The pictures do not belong in the copy. Restate all of the records word for word.

##### Information provided

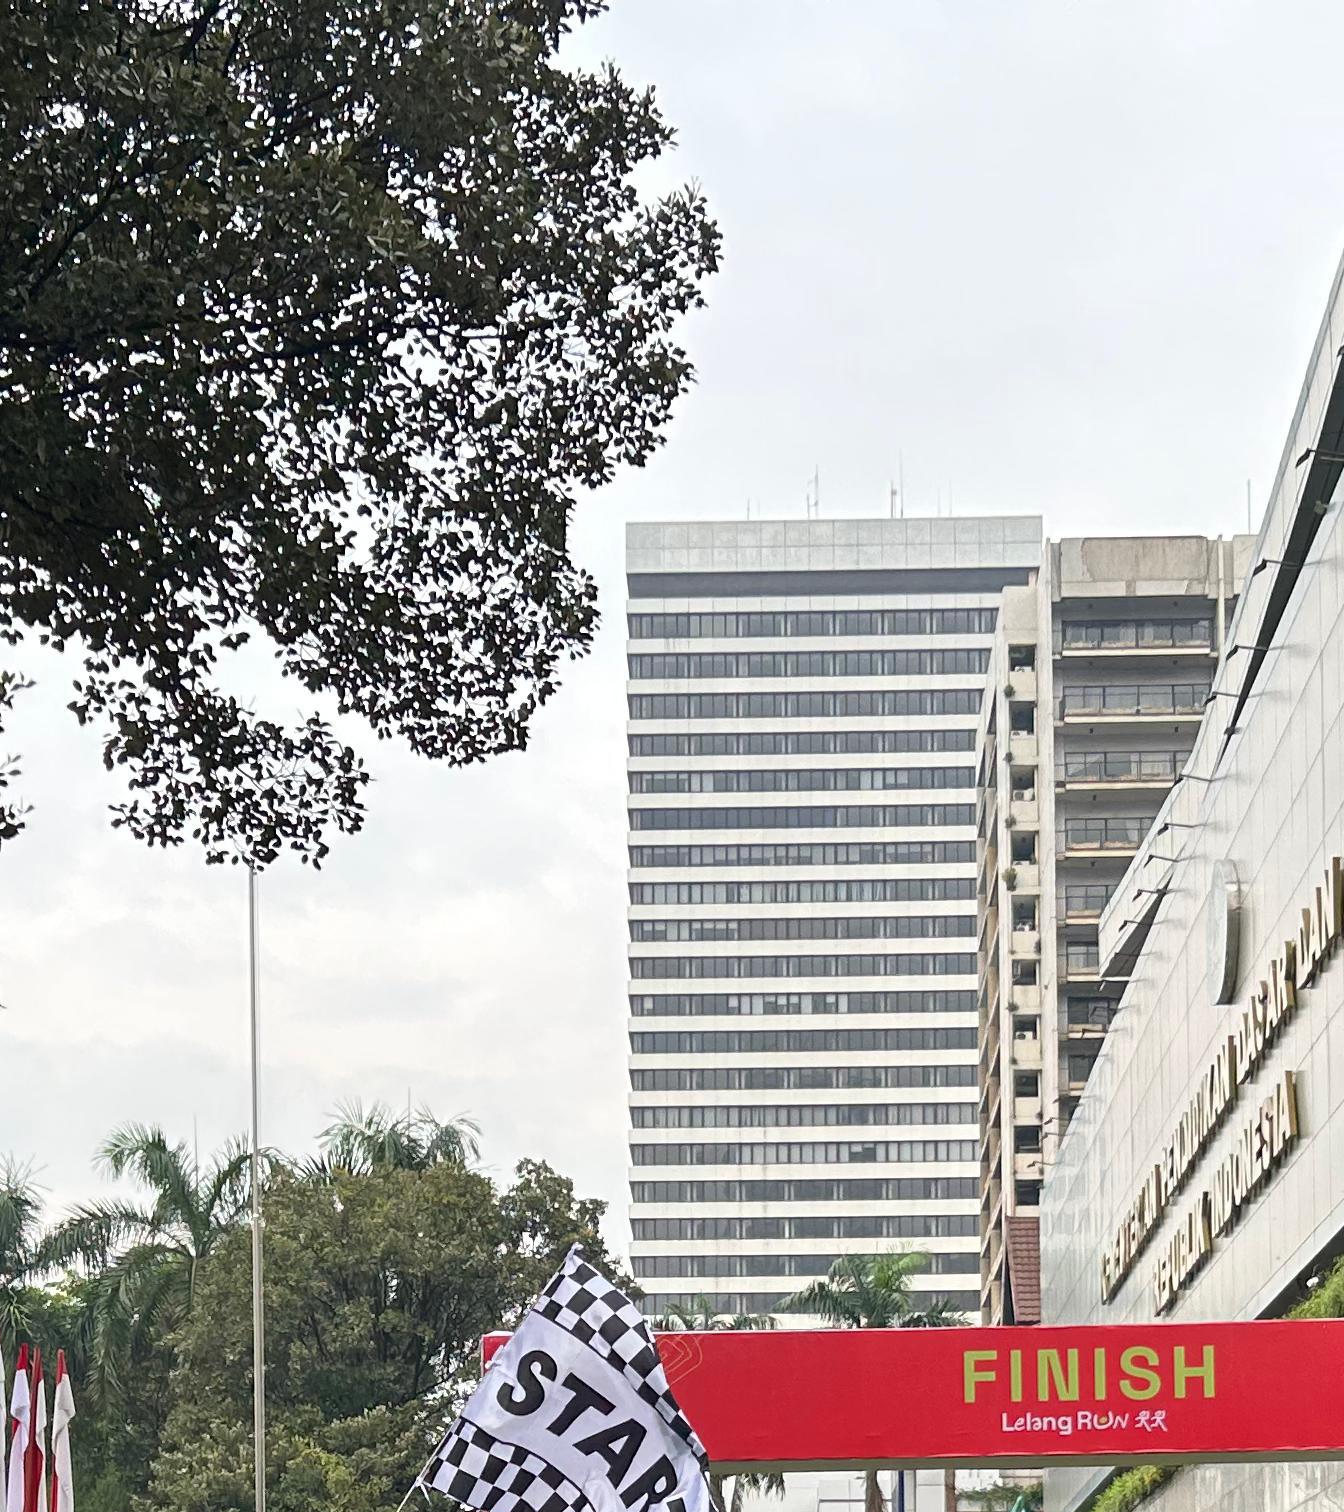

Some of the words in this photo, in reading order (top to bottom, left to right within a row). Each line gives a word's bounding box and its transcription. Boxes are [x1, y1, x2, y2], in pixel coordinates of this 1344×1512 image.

[1237, 940, 1297, 1085] DASAR
[1297, 857, 1344, 989] DAN
[1211, 1070, 1297, 1239] INDONESIA
[963, 1345, 1215, 1403] FINISH
[1001, 1411, 1072, 1436] Lelang
[1077, 1410, 1130, 1430] RUN
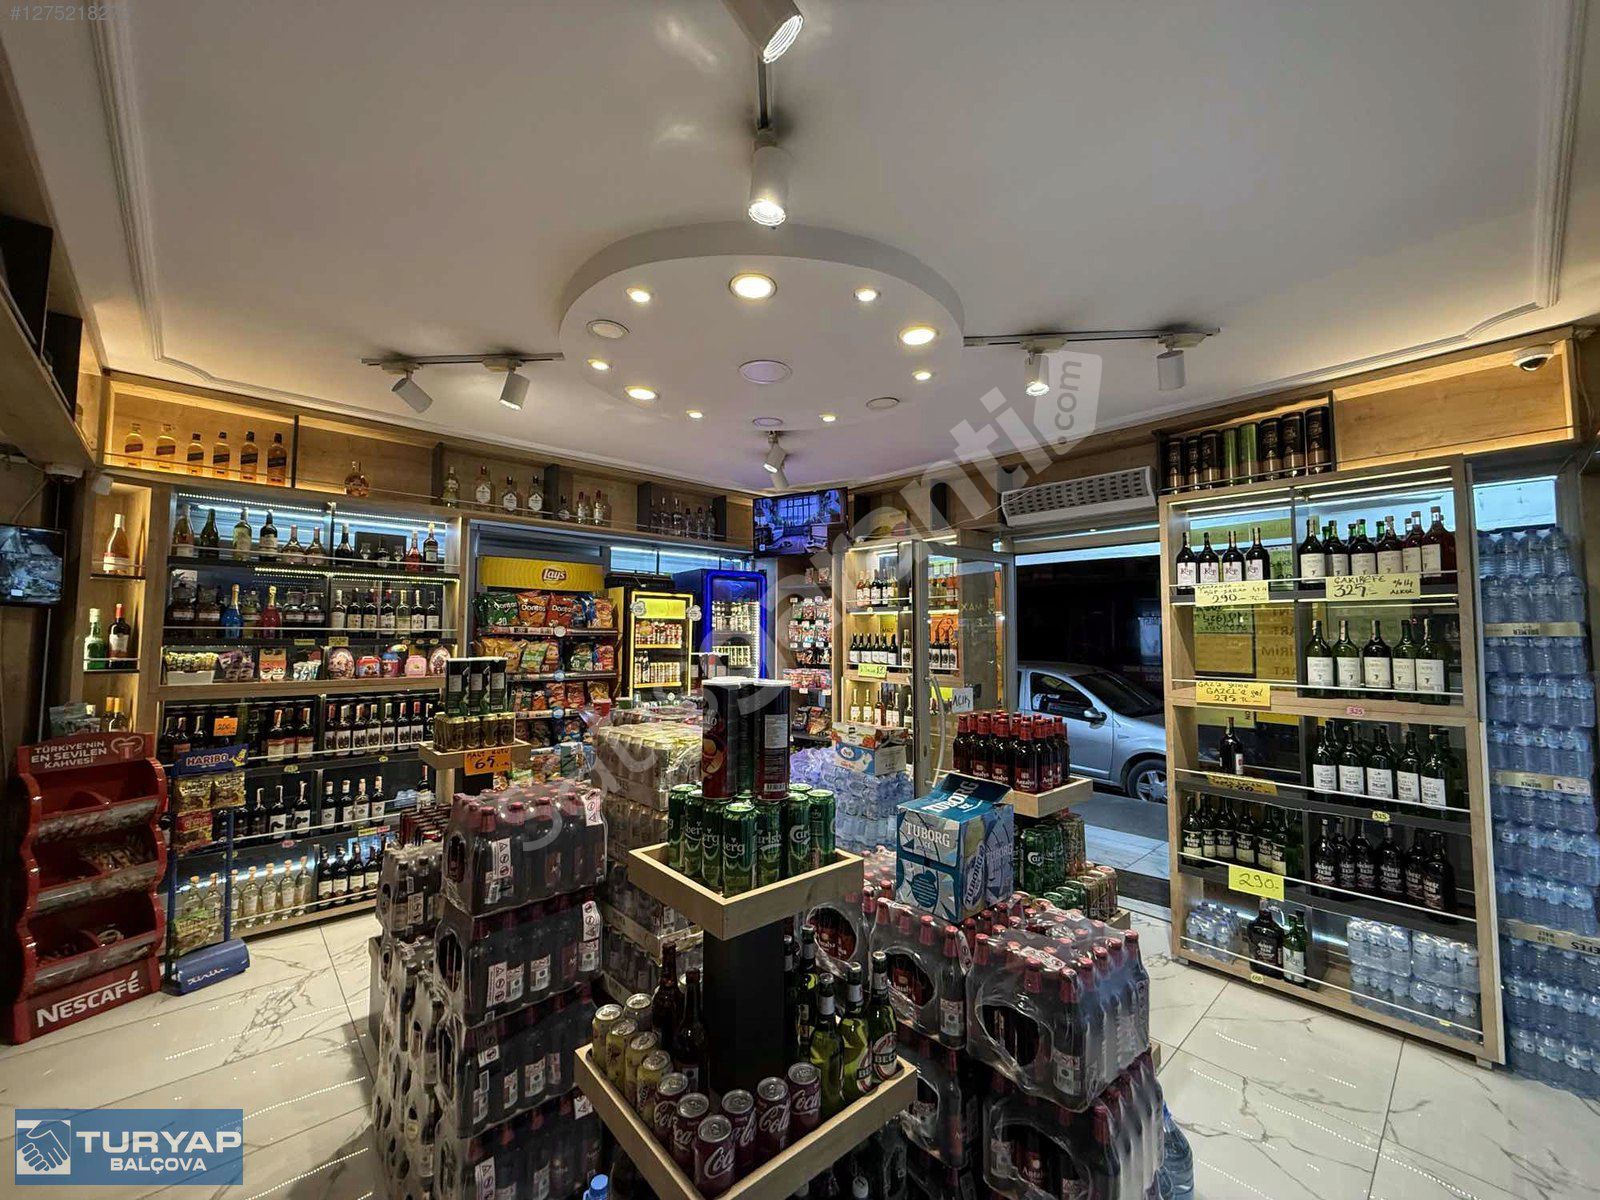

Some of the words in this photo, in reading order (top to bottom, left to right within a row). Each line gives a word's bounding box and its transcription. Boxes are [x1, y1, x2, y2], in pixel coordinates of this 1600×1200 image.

[31, 754, 50, 764] EN
[53, 747, 107, 761] SEVİLEN
[44, 756, 94, 769] KAHVESİ
[186, 753, 229, 766] HARIBO
[904, 822, 951, 848] TUBORG
[964, 843, 988, 905] TUBORG
[36, 970, 142, 1028] NESCAFÉ
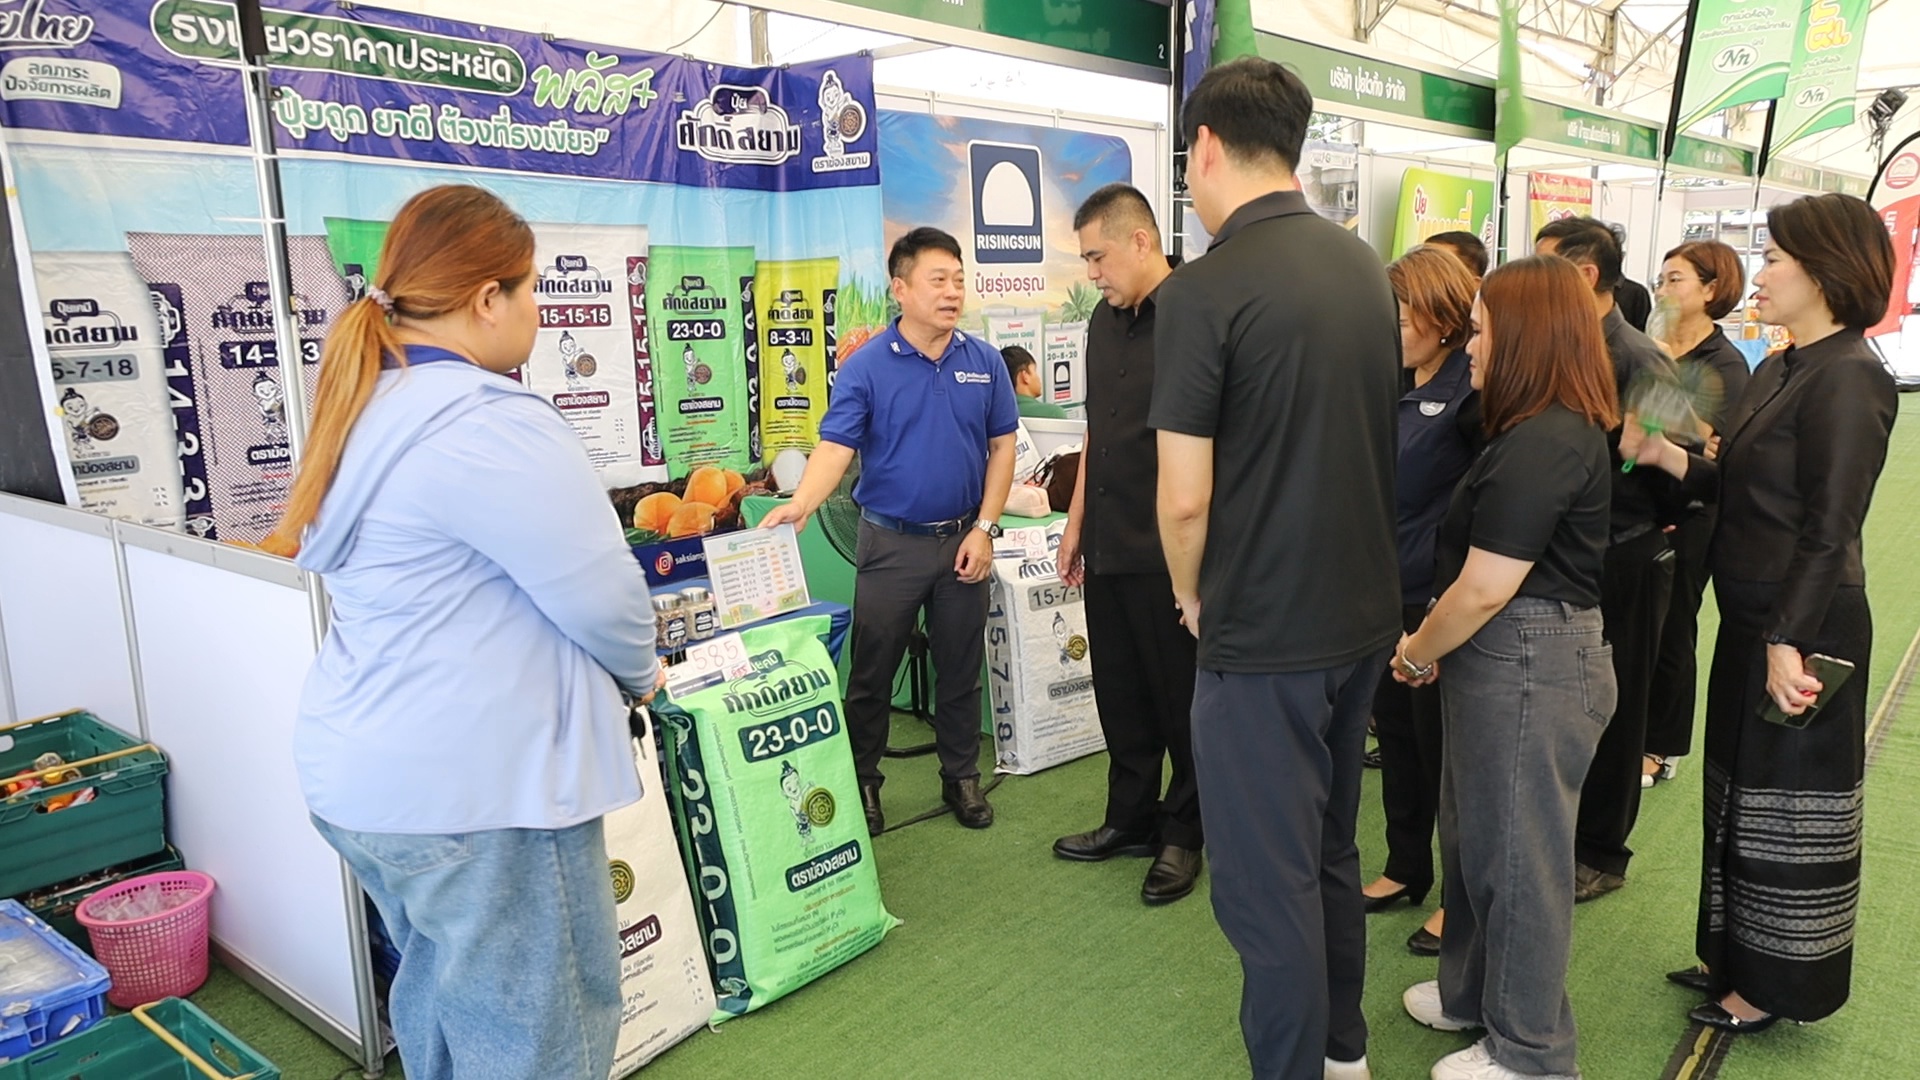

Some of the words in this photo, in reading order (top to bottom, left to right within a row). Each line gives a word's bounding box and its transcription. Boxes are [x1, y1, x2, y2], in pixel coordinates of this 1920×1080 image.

[171, 12, 512, 84] ธงเยวราคาประหยัด
[1158, 43, 1165, 60] 2
[29, 63, 89, 79] ลดภาระ
[5, 75, 111, 99] ปัจจัยการผลิต
[731, 93, 747, 113] ปุ๋ย
[374, 104, 432, 139] ยาดี
[977, 234, 1041, 250] RISINGSUN
[540, 308, 609, 325] 15-15-15
[671, 321, 722, 339] 23-0-0
[769, 330, 811, 345] 8-3-14
[230, 343, 320, 362] 14--3
[692, 640, 738, 670] 585
[988, 604, 1013, 743] 15-7-18
[748, 707, 833, 758] 23-0-0

##########

**Your response**
Some of the words in this photo, in reading order (top to bottom, left to right within a row). Each line gives a word's bounding box and its transcription. Boxes are [x1, y1, x2, y2], in pixel coordinates of this 1344×1512 image.

[1237, 940, 1297, 1085] DASAR
[1297, 857, 1344, 989] DAN
[1211, 1070, 1297, 1239] INDONESIA
[963, 1345, 1215, 1403] FINISH
[1001, 1411, 1072, 1436] Lelang
[1077, 1410, 1130, 1430] RUN

Some of the words in this photo, in reading order (top to bottom, left to right within a row). Each line gives a word's bounding box and its transcription. Boxes are [x1, y1, x2, y2], in pixel coordinates of this 1600×1200 image.

[31, 754, 50, 764] EN
[53, 747, 107, 761] SEVİLEN
[44, 756, 94, 769] KAHVESİ
[186, 753, 229, 766] HARIBO
[904, 822, 951, 848] TUBORG
[964, 843, 988, 905] TUBORG
[36, 970, 142, 1028] NESCAFÉ

Some of the words in this photo, in reading order (top to bottom, left to right within a row). Each line gives a word's bounding box and its transcription. Boxes are [x1, y1, x2, y2], in pixel coordinates of this 1920×1080 image.

[171, 12, 512, 84] ธงเยวราคาประหยัด
[1158, 43, 1165, 60] 2
[29, 63, 89, 79] ลดภาระ
[5, 75, 111, 99] ปัจจัยการผลิต
[731, 93, 747, 113] ปุ๋ย
[374, 104, 432, 139] ยาดี
[977, 234, 1041, 250] RISINGSUN
[540, 308, 609, 325] 15-15-15
[671, 321, 722, 339] 23-0-0
[769, 330, 811, 345] 8-3-14
[230, 343, 320, 362] 14--3
[692, 640, 738, 670] 585
[988, 604, 1013, 743] 15-7-18
[748, 707, 833, 758] 23-0-0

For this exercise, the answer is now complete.